With a reluctant sigh I do as she asks, listening for whatever it is I’m supposed to be hearing. All I get in return is silence. And then...Eliza’s voice.
“Have you ever heard of something called ‘Social Conventions’?” She asks.
“I can’t say that I have.” I open my eyes to see her now lying on the grass, staring at the clouds above her.
“Join me young one. And I will educate you in the ways of social conventions, and societies view on peoples.”
“Don’t you mean ‘people’?”
“I meant what I said. And I said to get down here.” She grabs my hand and pulls me down next to her, both of us now looking up at the crystal blue sky. I'm not sure exactly how long we lay there, just watching as clouds pass over, Eliza sometimes pointing out shapes in the sky.
"You see that cloud?" she asks, pointing to one directly above us. "It looks like a robin." I don't see what she sees. To me, they have no shape. They look like what they are.
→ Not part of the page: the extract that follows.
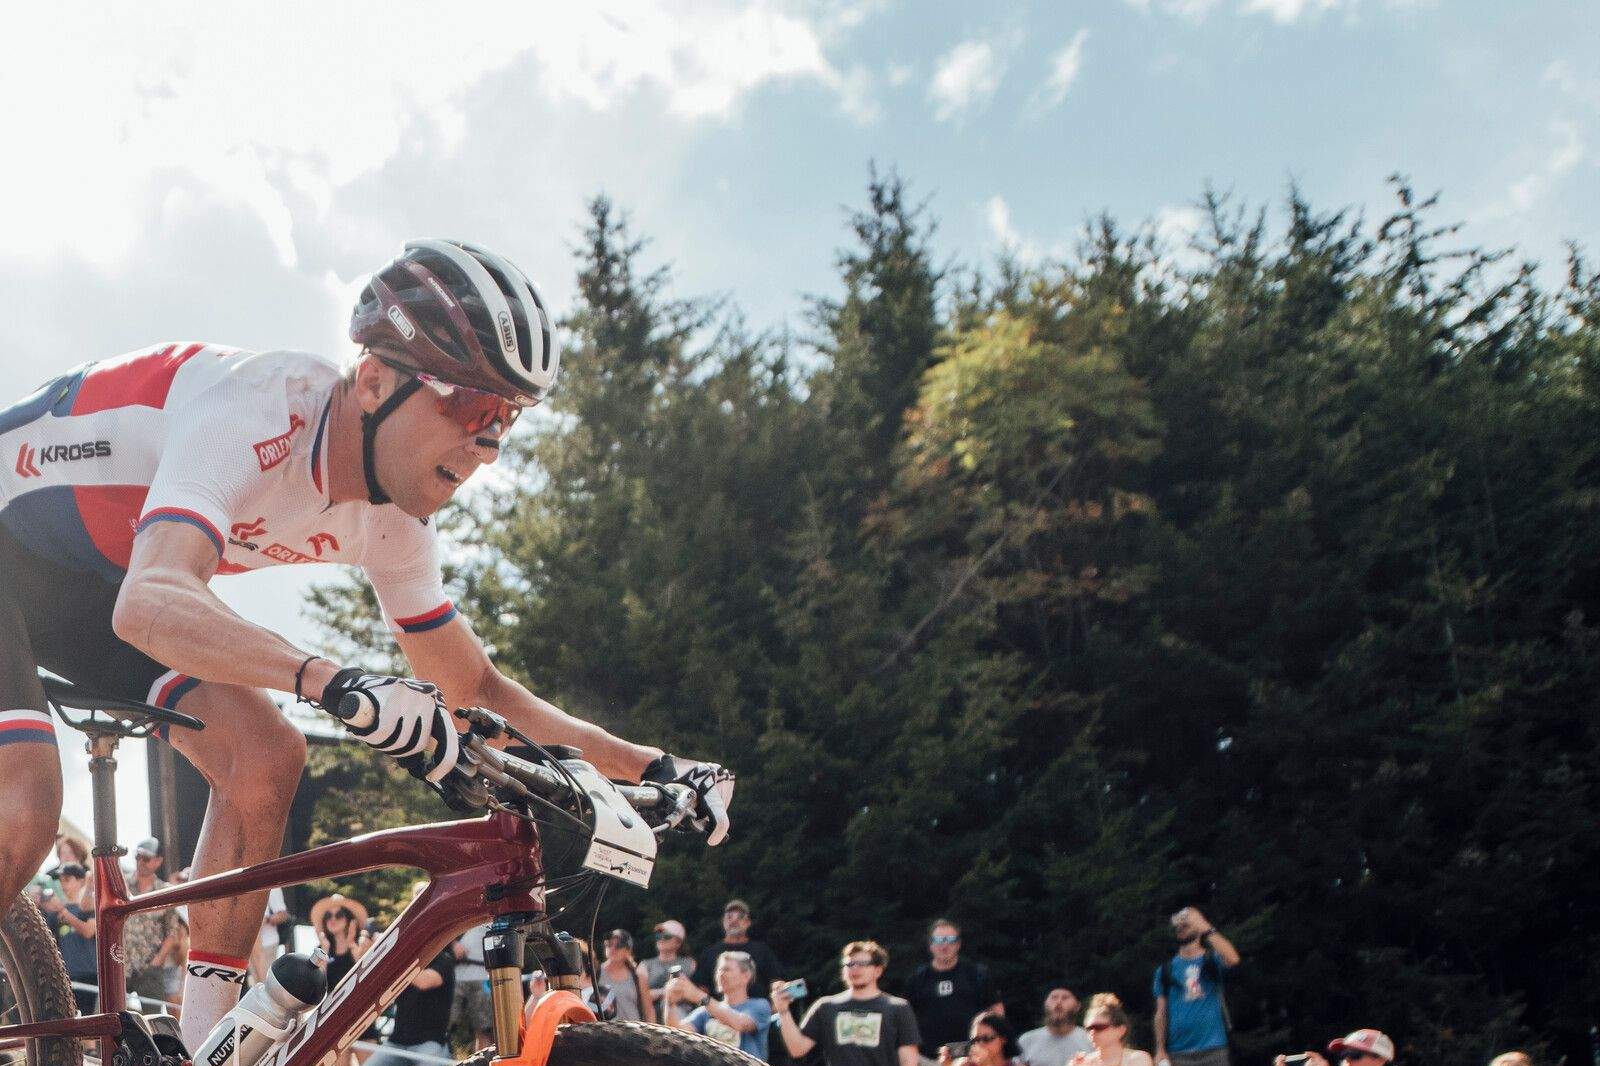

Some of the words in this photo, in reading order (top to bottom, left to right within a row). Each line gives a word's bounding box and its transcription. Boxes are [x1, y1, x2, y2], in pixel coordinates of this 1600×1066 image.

[500, 317, 514, 347] ABUS
[40, 440, 112, 466] KROSS
[213, 1024, 250, 1066] NUTRN
Clouds.
"How do you get a robin...from that?" I ask, gesturing to the white above us.
"Oh? Well what do you see?"
"A cloud Eliza. I see a normal cloud."
"Well who defines normal?" This question throws me off guard, as I had never honestly thought about it. I had always assumed that normal was normal. Eliza continues. "Society tries to force everyone into their view of normal. Like if everything isn't picture perfect, then it's not worth it."
"So what's the answer?"
"What do you mean?"
"Who defines normal?" She sighs and looks to the sky once more.
"That's for you to decide." With that said she stands to her feet, dusting the dirt from her jeans. Extending a hand, she helps me to my feet and we walk away from the meadow and back to town. I want to ask her more. About herself, her thoughts, and more than anything I know I want to see her again. But as the sun begins to set, I realize we've been out all day, and it will be late by the time I make it back home. I don't have to say it. She already knows.
"You better get home Collins. You'll have mommy dearest worried sick." She kicks some of the gravel lying at her feet, her eyes downcast in what appears to be sadness.
"Do you need me to walk you home?"
"No. I think I can manage." I should've walked her home, but at the time the thought hadn't crossed my mind. I nod and turn to leave when she calls out behind me, and I turn to face her one last time.
"A bit of advice Collins? Nobody ever made a difference by being like everyone else." I stand in silence as I watch her walk away, until she finally turns the corner and she's gone.
It's been four years, and she's gone. The quirky, nerdy, one of a kind girl that I had met had been killed in a robbery gone wrong that very night. The regret I've felt since then weighs on me now just as it did then. So I do what I can. I do what she did. What she dreamed of doing.
I defy society's idea of normal, and the social convention that girl hated. I live for her. The girl who taught me that being normal...it's monotonous. And it isn't what she would've wanted for me. I have a feeling that she would be proud of me. Of how that one day changed my life, and how I decided to be me, despite society's standards.
So I'm going to spend every day of my life as she would've. Filled with adventure, imagination, and anything but normalcy.